Getting Personal

Search mechanism helps CableOrganizer.com
shoppers find more of what they’re looking for



 

From April 2008

By Fred Minnick

 Sponsored by
                     

In six years of operation, CableOrganizer.com has built a solid e-commerce niche selling everything from grommets to cables and label printers.

The Fort Lauderdale, Fla.-based company earned $10.2 million in sales in 2007, an increase of 17 percent from the previous year, and senior vice president Paul Holstein expects growth of 26 percent in 2008.

Business-to-business customers make up 80 percent of the site’s total sales, but general consumers account for 80 percent of total orders. Holstein and his tech crew sought a way to focus messages to both types of customers without polarizing the content offerings.

“We’re moving more into personalization,” Holstein says. “We’re getting much, much deeper into personalizing the web experience for every browser.”

CableOrganizer.com personalizes content based on triggering rules that generate a page based on geography, referring domain, keywords, time of week or other criteria “dynamically generated for the purpose of meeting the user with something they would expect to see, based on their prerequisites for ending up on our site,” says e-commerce initiatives manager Daniel Shields.
 
When a user searches for “label maker” on Google, for instance, CableOrganizer.com consistently is one of the top 10 organic listings. If the customer clicks on the CableOrganizer.com link, he will go to a landing page titled “Label Printer, Dymo Label Maker, Automatic Wrap Labelers.” A patent-pending precognitive search mechanism developed by CableOrganizer.com allows users to view relevant information based on the keywords for which they searched.   


Top five sellers
The execution came with a little help from SLI Systems, a provider of on-demand search services. CableOrgani¬zer.com officials write the java script that collects the search terms; SLI Systems provides the search results and sends a formatted box that merchandizes to the customer: on the right-hand side of the page are the top five selling label makers.

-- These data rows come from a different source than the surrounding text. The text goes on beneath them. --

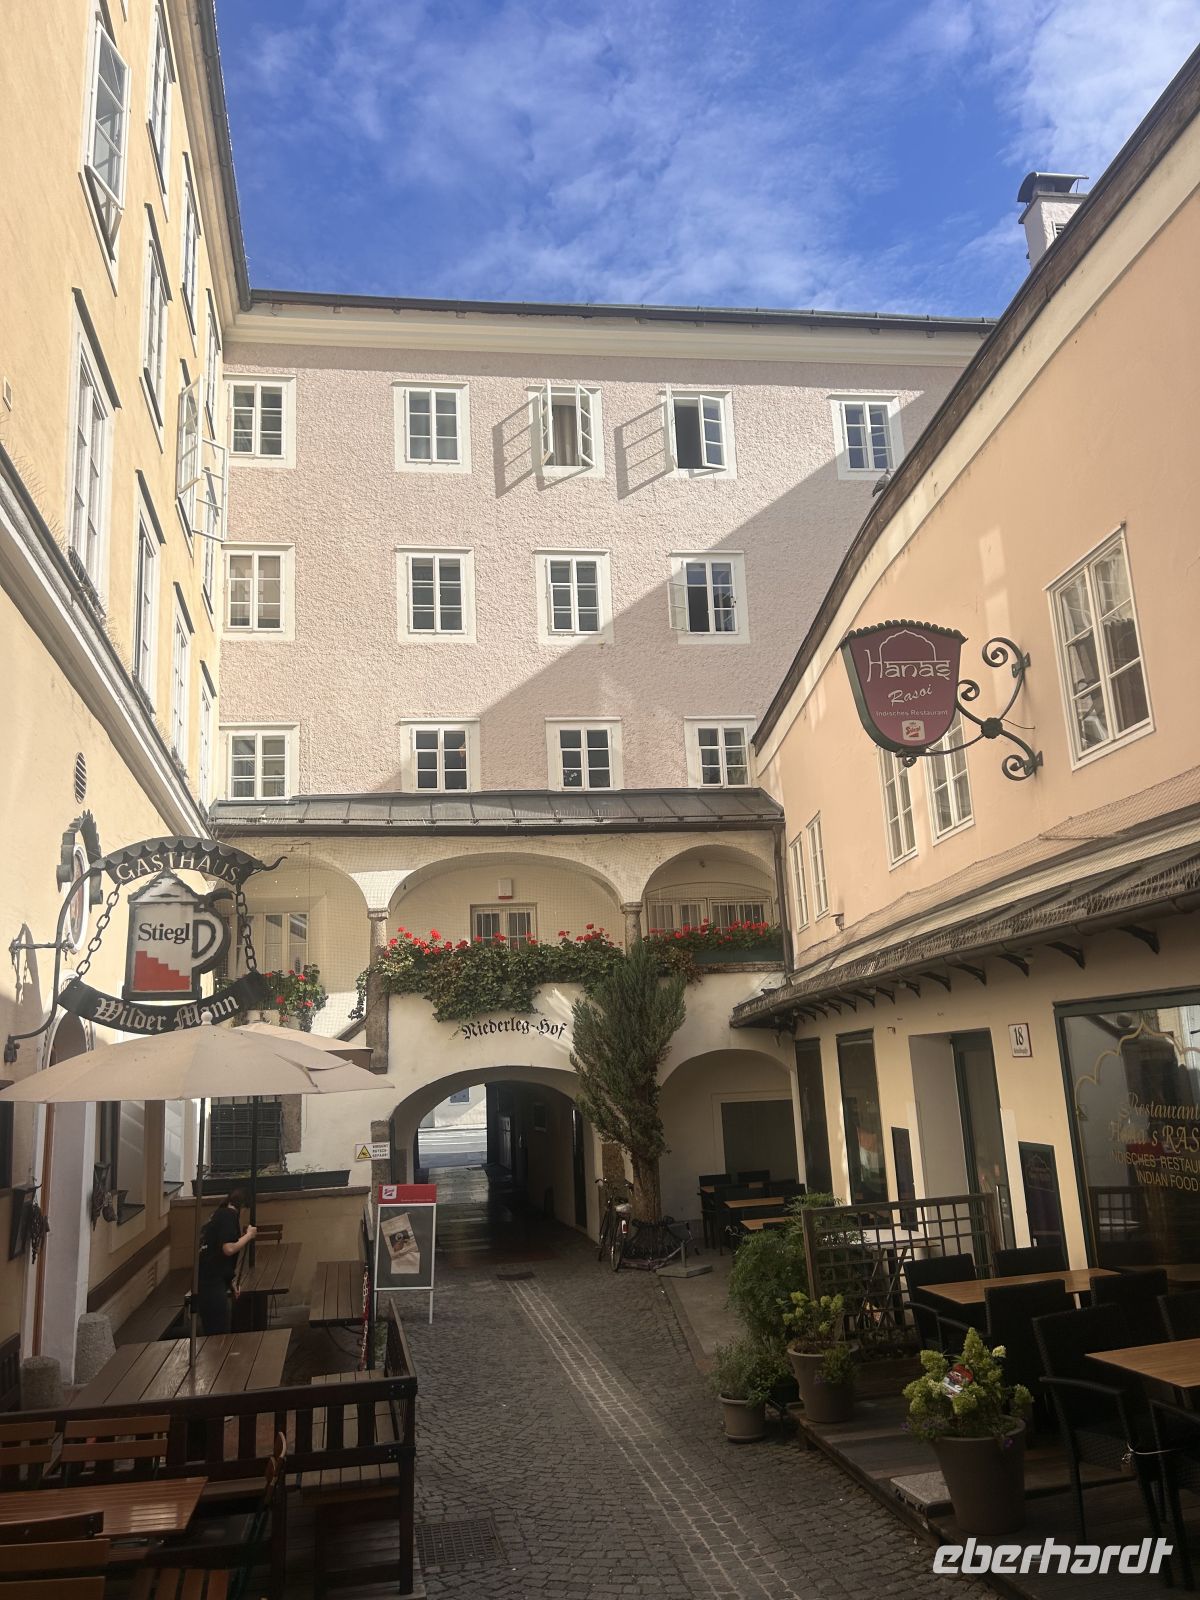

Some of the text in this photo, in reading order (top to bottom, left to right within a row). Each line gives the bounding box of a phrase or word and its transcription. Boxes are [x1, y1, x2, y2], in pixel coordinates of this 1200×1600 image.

[864, 649, 951, 682] Hanas
[888, 683, 932, 707] Rasoi
[876, 708, 948, 717] Indisches Restaurant
[115, 851, 241, 881] GASTHAUS
[137, 922, 190, 944] Stiegl
[94, 997, 167, 1031] Wilder
[461, 1016, 568, 1040] Niederleg-Hof
[1014, 1026, 1024, 1046] 18
[1136, 1169, 1199, 1192] INDIAN FOOD

“We’re showing not only what Google thinks is a good search result for ‘label makers’ but what we think are good results for ‘label maker,’” Shields says. “Nobody else is doing this.”

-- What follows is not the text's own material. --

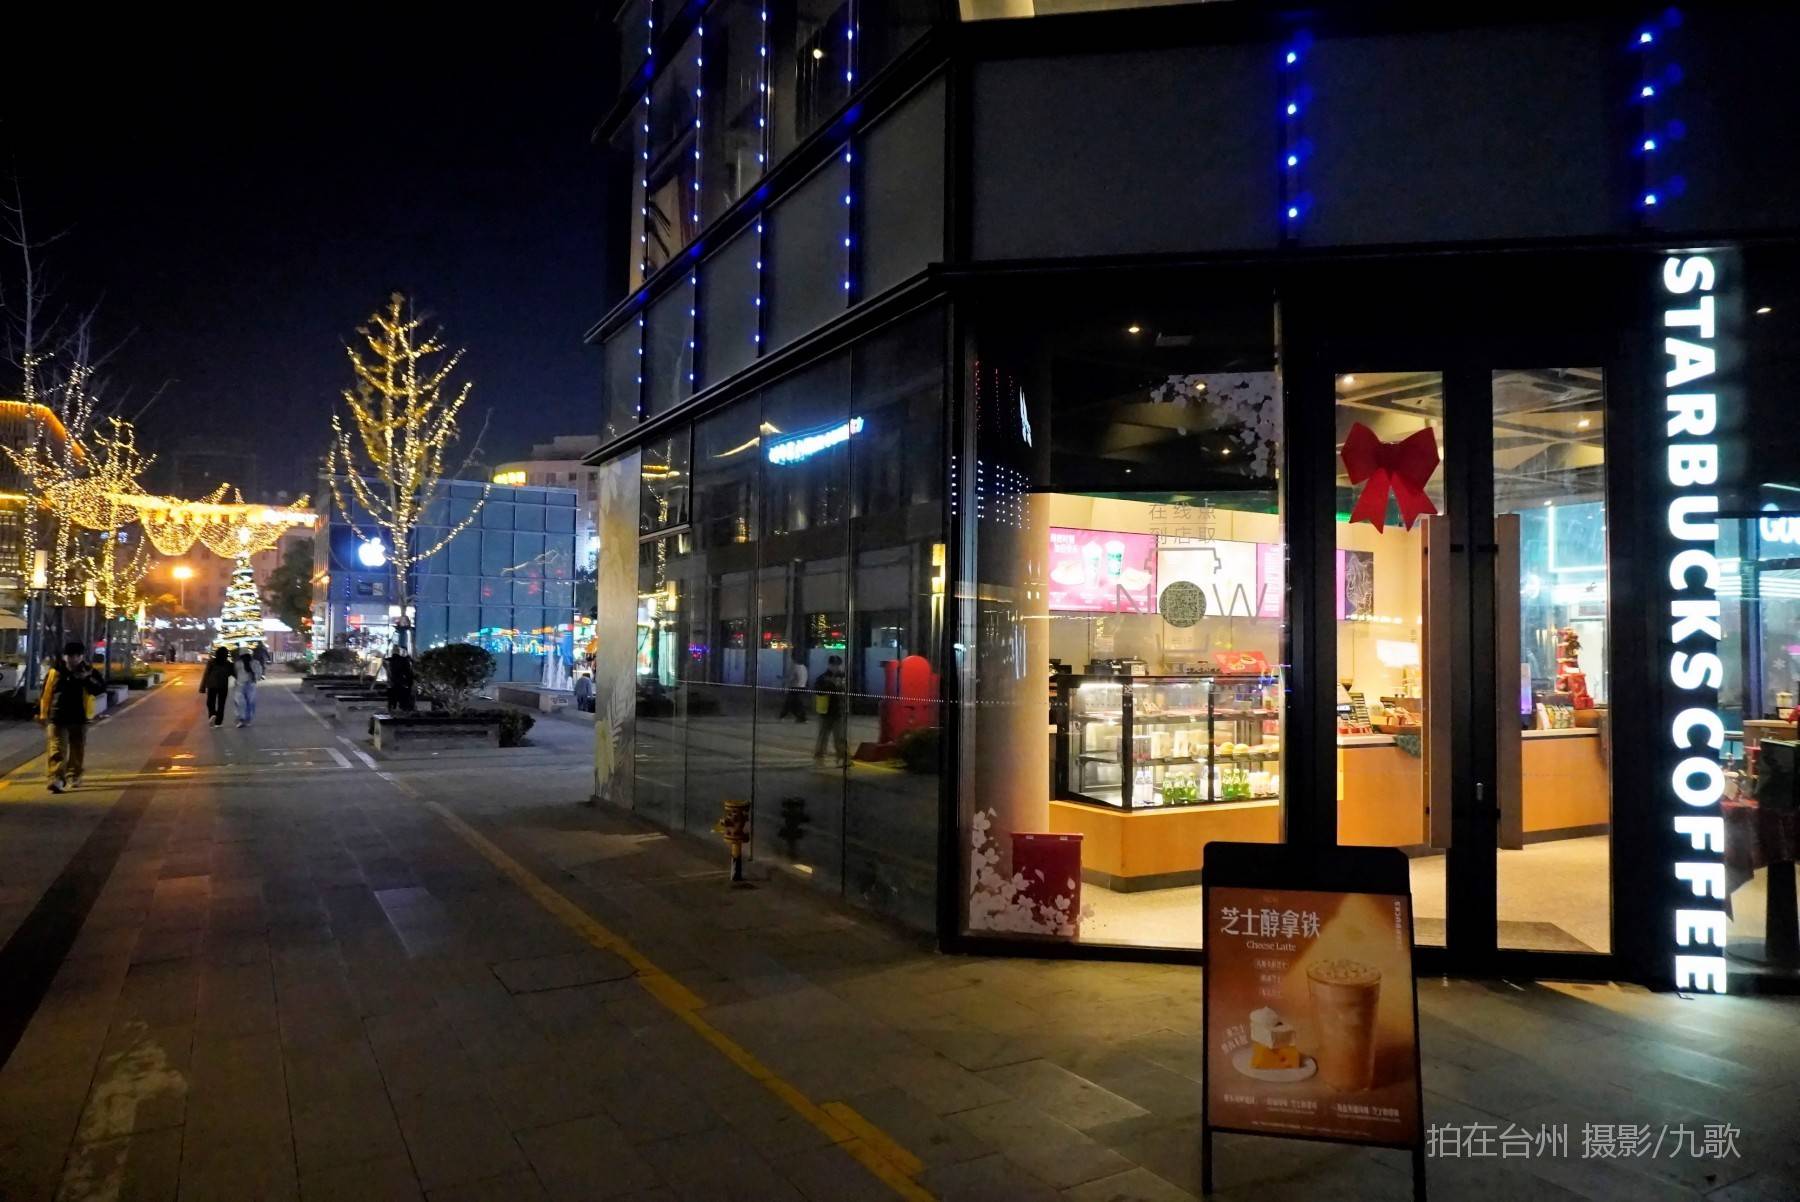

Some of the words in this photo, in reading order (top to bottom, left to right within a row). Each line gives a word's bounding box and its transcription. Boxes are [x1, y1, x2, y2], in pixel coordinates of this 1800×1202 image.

Before, users of Google and other search engine users were bouncing out because the home page wasn’t catered to the specific keyword or phrase.
“When you look at our homepage, it has nothing to do with label printers,” Shields says. “We wanted to add all the proper search results … wherever they’re searching so that we can match what the customer’s looking for. We’re personalizing the site based upon what we know about the customer.”

The results have been higher conversion and spend rates. Non-search users have a conversion rate of 1.5 percent versus 7 percent from those coming from Google; non-search users spend an average of $1.53 per visit, compared with $6.10 for search users.

“The strategy is to get customers where they want to go as quickly as possible, to show them what they were looking for as soon as possible,” Holstein says. “And throughout everything we do we’re … showing [repeat customers] what they bought in a little box on the right every time they visit the site. They can go quickly to the last page that they looked at.”

With more than 10,000 products, CableOrganizer.com wants to streamline the navigation of its site. In March 2007, it installed SLI Systems’ Learning Search and Site Champion hosted site-search and search-engine optimization offerings. The data pulled from Learning Search is analyzed and used to change the site to meet customer preferences.

The result of this on-site search improvement was a 40 percent increase in product searches – results that are quite common, says SLI CEO Shaun Ryan, adding that Site Champion helps websites generate higher organic rankings in Google.